§ **STORED DATA**
---

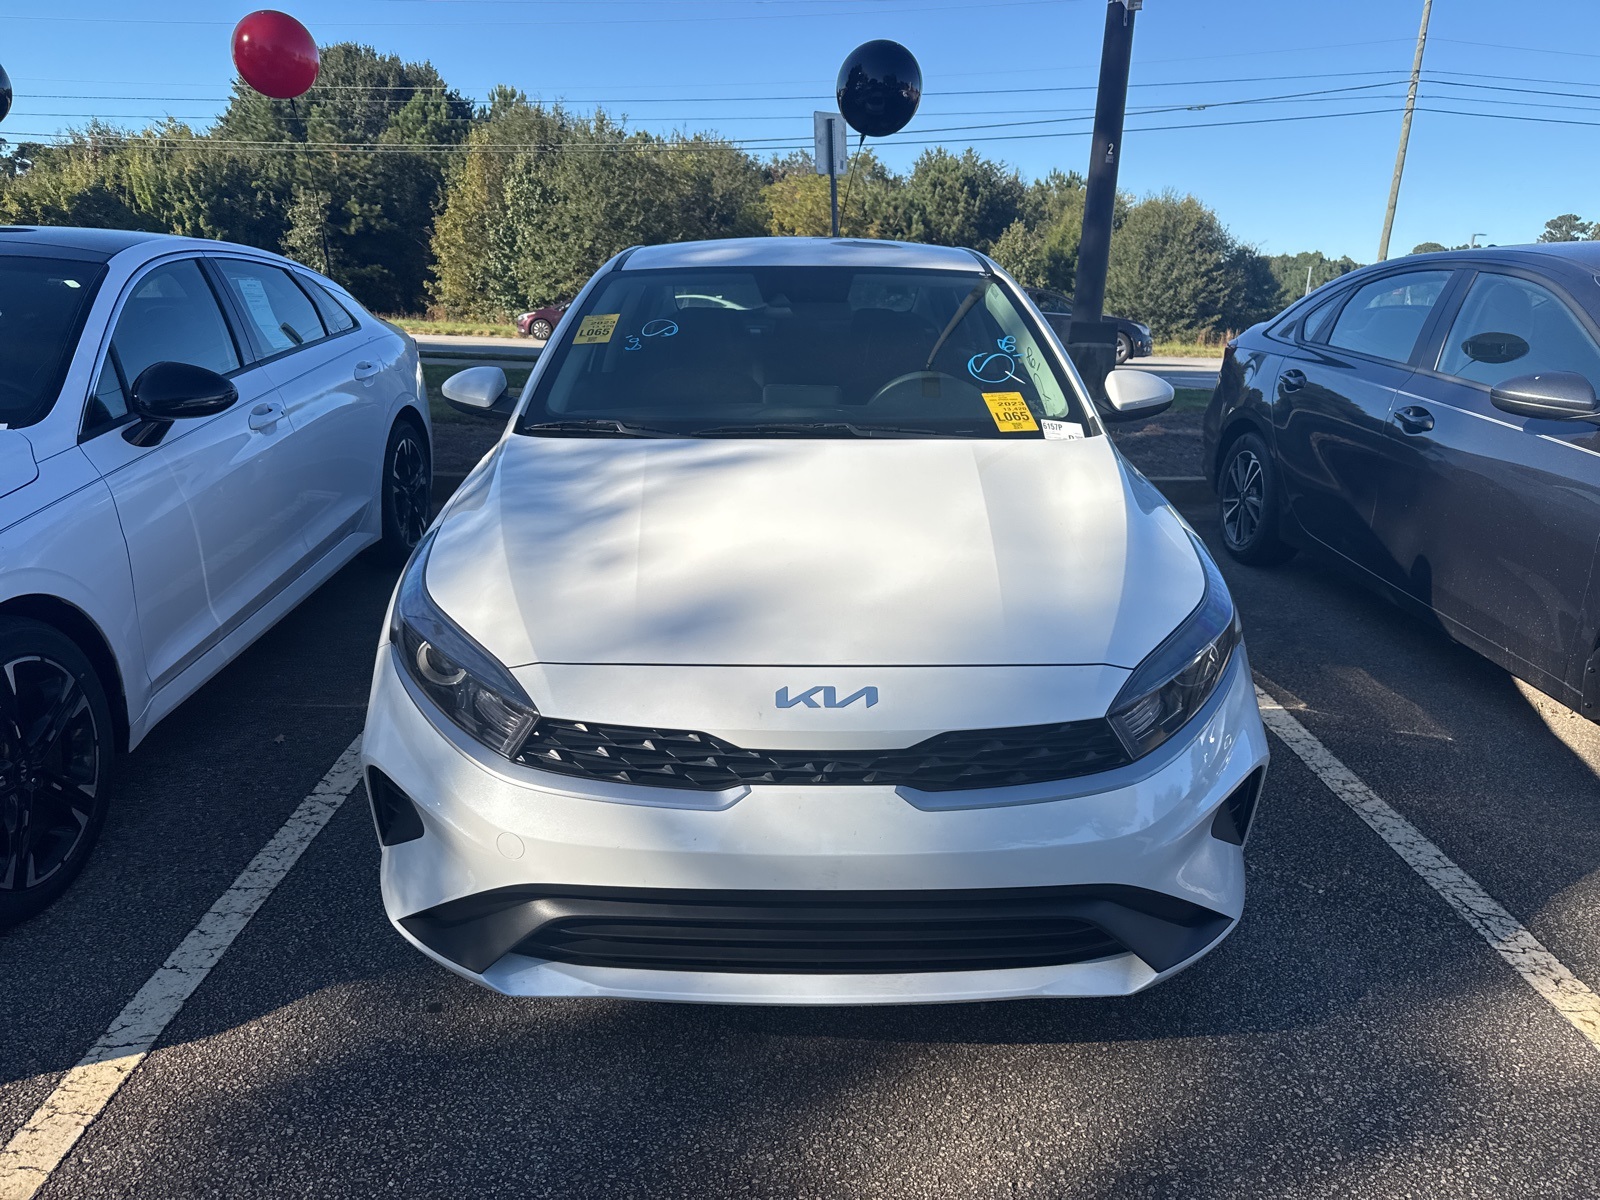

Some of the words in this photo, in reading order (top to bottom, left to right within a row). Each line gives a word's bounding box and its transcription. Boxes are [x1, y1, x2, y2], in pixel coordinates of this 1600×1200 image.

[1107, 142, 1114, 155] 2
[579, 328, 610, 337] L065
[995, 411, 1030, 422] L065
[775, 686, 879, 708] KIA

---

§ **TRY IT**
Only the pictures stay behind; copy everything else in the records above exactly.

§ **ANSWER TO THIS EXERCISE**
Some of the words in this photo, in reading order (top to bottom, left to right within a row). Each line gives a word's bounding box and its transcription. Boxes are [x1, y1, x2, y2], in pixel coordinates of this 1600×1200 image.

[1107, 142, 1114, 155] 2
[579, 328, 610, 337] L065
[995, 411, 1030, 422] L065
[775, 686, 879, 708] KIA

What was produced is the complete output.